Wind Schism

Anthonares delves into the schisms appearing in the green camp over wind power in this article. It’s well written, and details some of the philosophies underneath the agendas, as I’ve pointed out here in some past posts. (right sidebar, Energy pages I, II, III.)

There are definitely places for wind, but on a level regulatory playing field, wind can’t compete with Nuclear. The article properly points out the failings of coal, and hydrocarbon based energy-generation — it doesn’t matter if it’s biomass, ethanol, wood, coal, or garbage — burning substances to produce power puts poisons in the air. I don’t agree with man-made global warming as the key driver, it’s relatively straight forward to me that the real concern should be clean air for health reasons.

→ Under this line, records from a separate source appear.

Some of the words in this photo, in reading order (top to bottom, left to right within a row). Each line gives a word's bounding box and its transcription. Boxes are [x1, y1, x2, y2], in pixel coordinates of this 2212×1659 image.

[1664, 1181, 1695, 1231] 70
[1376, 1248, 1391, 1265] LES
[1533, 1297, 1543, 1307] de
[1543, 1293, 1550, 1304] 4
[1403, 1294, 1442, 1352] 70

When I lived in the Goldstream Valley near Fairbanks, Alaska, many of the residents used wood for heat. It wasn’t unusal to wake up in the morning with a severe headache that did not clear until you got out of the valley. Temperature inversions would keep the smoke and burn byproducts trapped in the air during winter as a haze, just as Denver sometimes suffers from inversions. Toxicologists will tell you that burning wood is at the top of the heap when it comes to producing pollutants, with coal a close second. (It’s still somewhat debateable whether the phosgenes etc. produced by wood are worse than the radioctivity produced by burning coal.)

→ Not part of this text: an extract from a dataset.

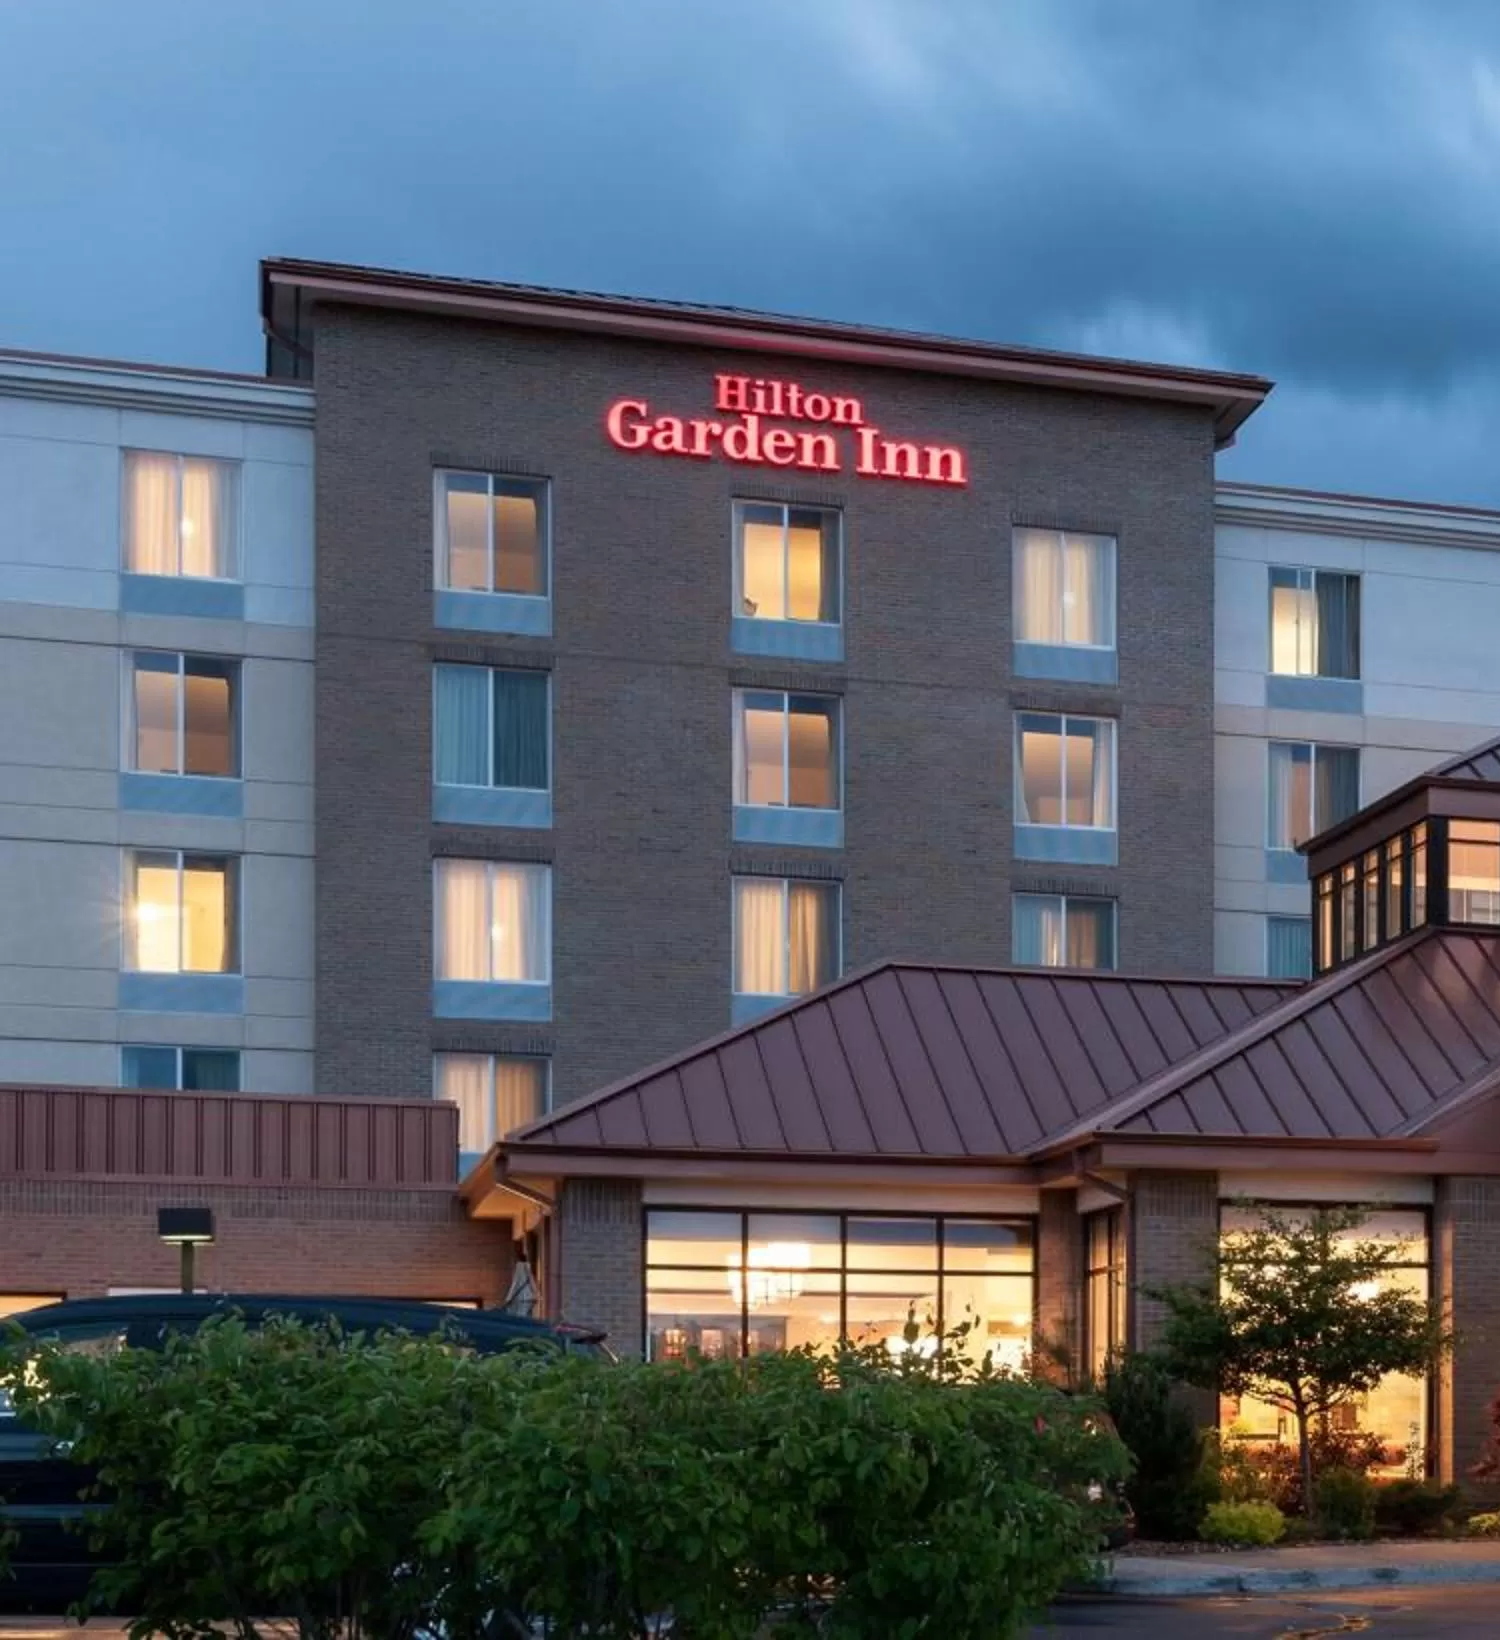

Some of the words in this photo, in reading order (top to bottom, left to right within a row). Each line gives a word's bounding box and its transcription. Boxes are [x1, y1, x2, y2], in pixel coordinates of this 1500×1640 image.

[714, 374, 864, 425] Hilton
[606, 399, 841, 470] Garden
[855, 426, 968, 484] Inn

Anthony also points out the costs of coal: in an average year coal production takes between 30k and 50k worth of human lives. Some due to silicosis, some from mining and transport mishaps, and with the energy crunch that death toll is once again on the rise as I point out here.

While the article does highlight the pitfalls of wind regarding bird deaths and aesthetics, it fails to mention one of the drivers of cost for windpower. Those windmills take maintenance, and a lot of it. They also take hundreds of miles of cabling. The necessary plant for any reasonably productive windfarm, including trenching, the mining of the copper, the production of the plastics for the cabling, etc. takes quite a bit of resource in itself, and is quite extensive.

Even with that, wind is still viable; however it’s also expensive, variable, and just not as reliable as nuclear. In the end our energy future doesn’t demand a particular solution, it’s my firm belief that over the next century we we need them all, each and every one.